## TASK DIRECTIONS
Line by line, the data below should be set down unchanged, with images excluded.
----
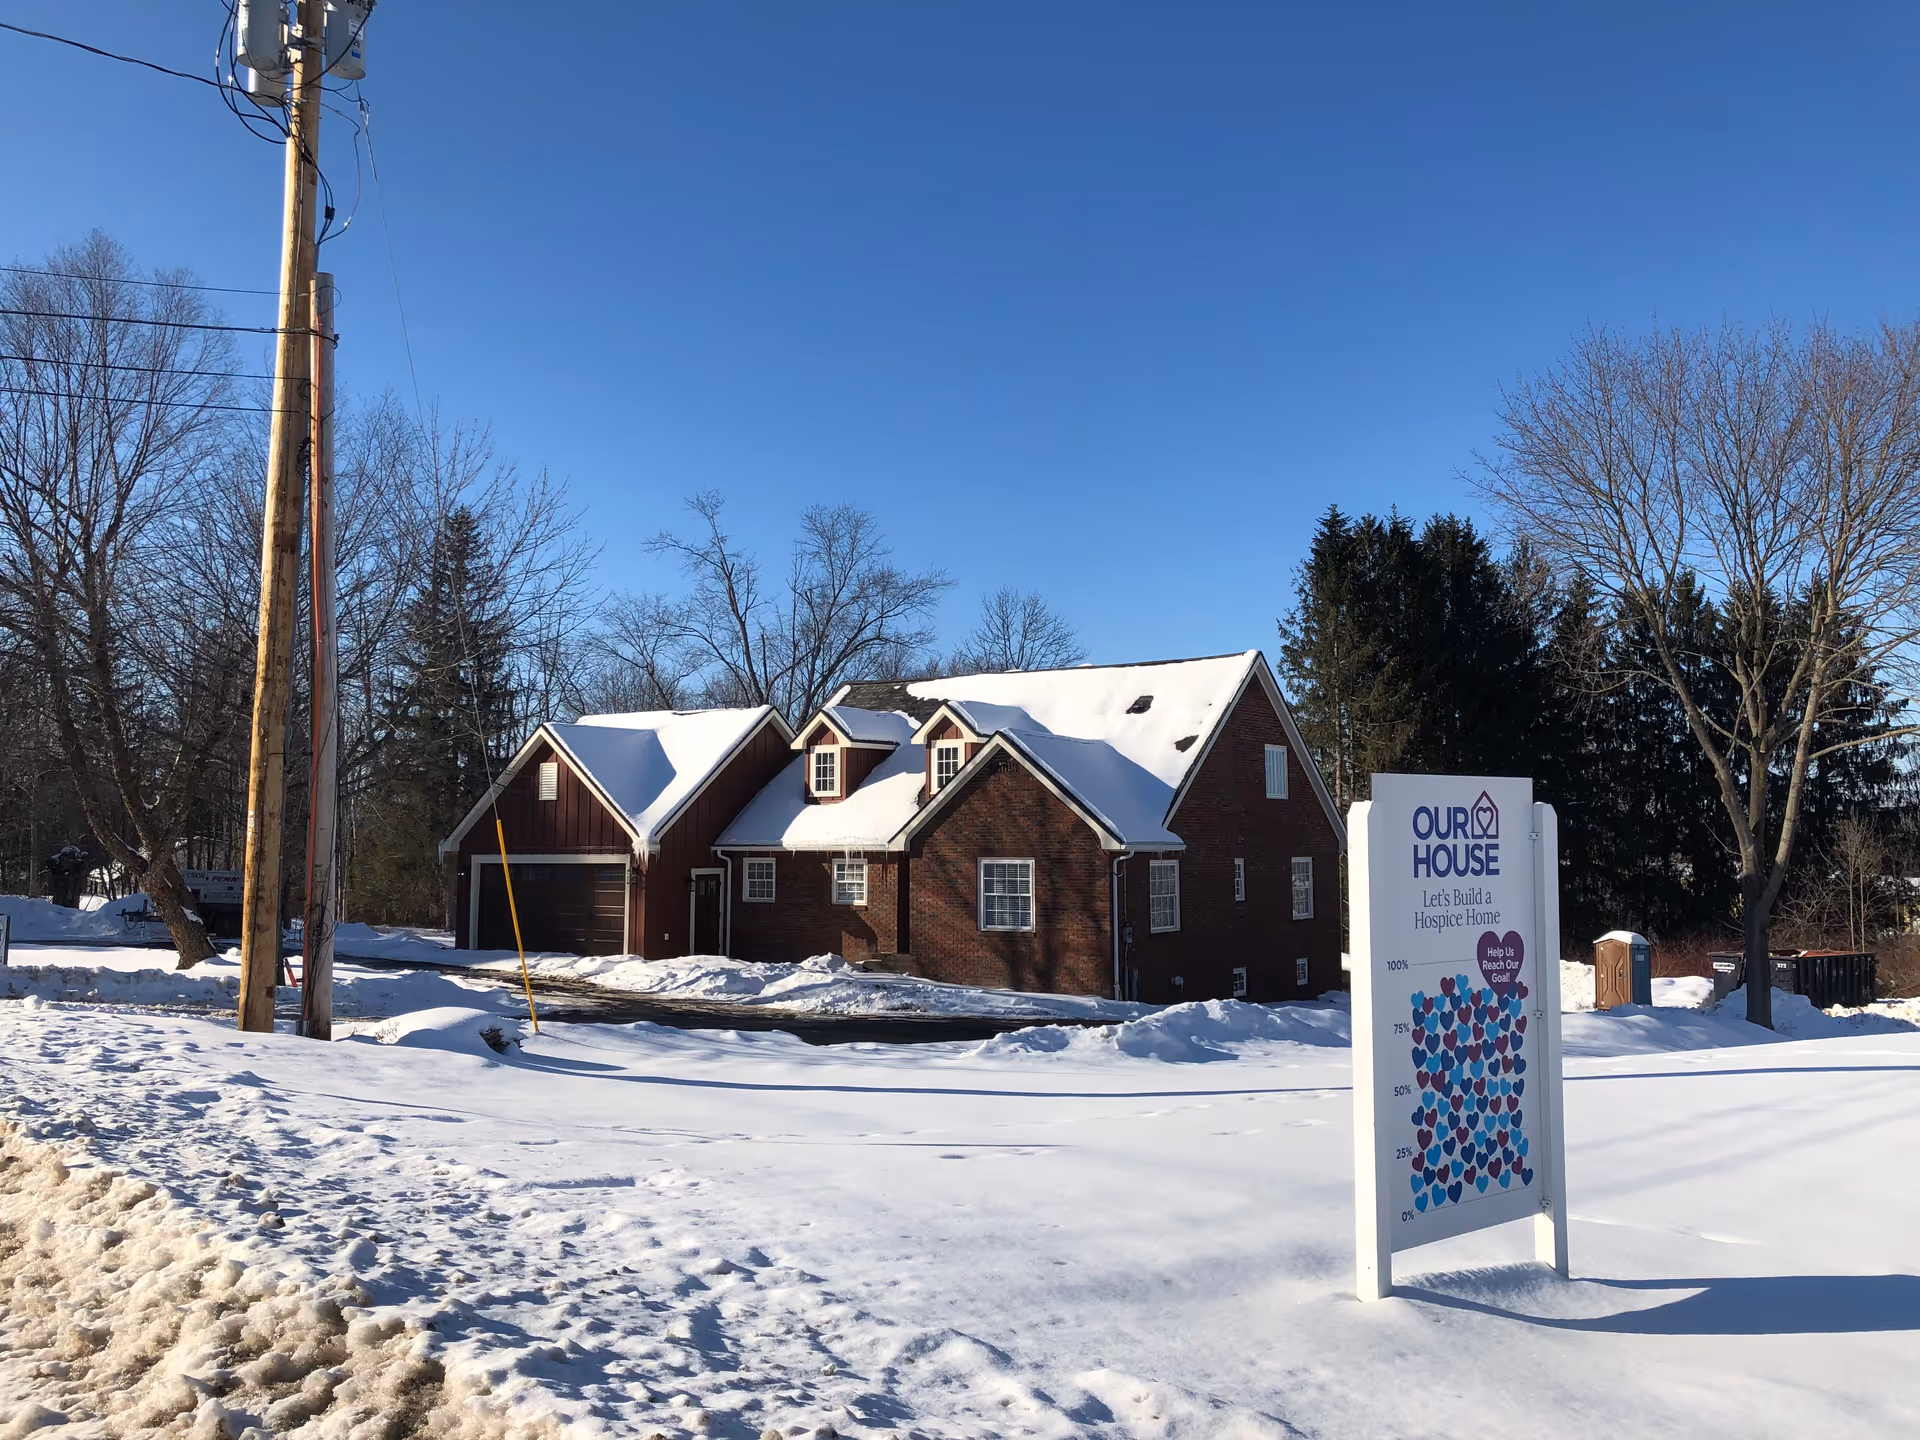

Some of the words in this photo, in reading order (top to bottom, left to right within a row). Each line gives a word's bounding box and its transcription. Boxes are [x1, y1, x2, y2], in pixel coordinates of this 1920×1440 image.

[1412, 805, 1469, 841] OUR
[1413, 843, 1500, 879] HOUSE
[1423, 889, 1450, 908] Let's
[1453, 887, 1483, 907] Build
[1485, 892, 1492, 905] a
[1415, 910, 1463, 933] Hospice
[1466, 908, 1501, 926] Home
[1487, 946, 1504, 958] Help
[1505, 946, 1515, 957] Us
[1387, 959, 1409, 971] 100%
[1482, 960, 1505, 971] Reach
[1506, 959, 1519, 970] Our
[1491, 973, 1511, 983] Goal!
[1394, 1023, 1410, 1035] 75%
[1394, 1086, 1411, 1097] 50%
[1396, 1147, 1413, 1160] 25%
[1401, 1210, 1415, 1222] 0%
----
## WRITTEN RESPONSE
Some of the words in this photo, in reading order (top to bottom, left to right within a row). Each line gives a word's bounding box and its transcription. Boxes are [x1, y1, x2, y2], in pixel coordinates of this 1920×1440 image.

[1412, 805, 1469, 841] OUR
[1413, 843, 1500, 879] HOUSE
[1423, 889, 1450, 908] Let's
[1453, 887, 1483, 907] Build
[1485, 892, 1492, 905] a
[1415, 910, 1463, 933] Hospice
[1466, 908, 1501, 926] Home
[1487, 946, 1504, 958] Help
[1505, 946, 1515, 957] Us
[1387, 959, 1409, 971] 100%
[1482, 960, 1505, 971] Reach
[1506, 959, 1519, 970] Our
[1491, 973, 1511, 983] Goal!
[1394, 1023, 1410, 1035] 75%
[1394, 1086, 1411, 1097] 50%
[1396, 1147, 1413, 1160] 25%
[1401, 1210, 1415, 1222] 0%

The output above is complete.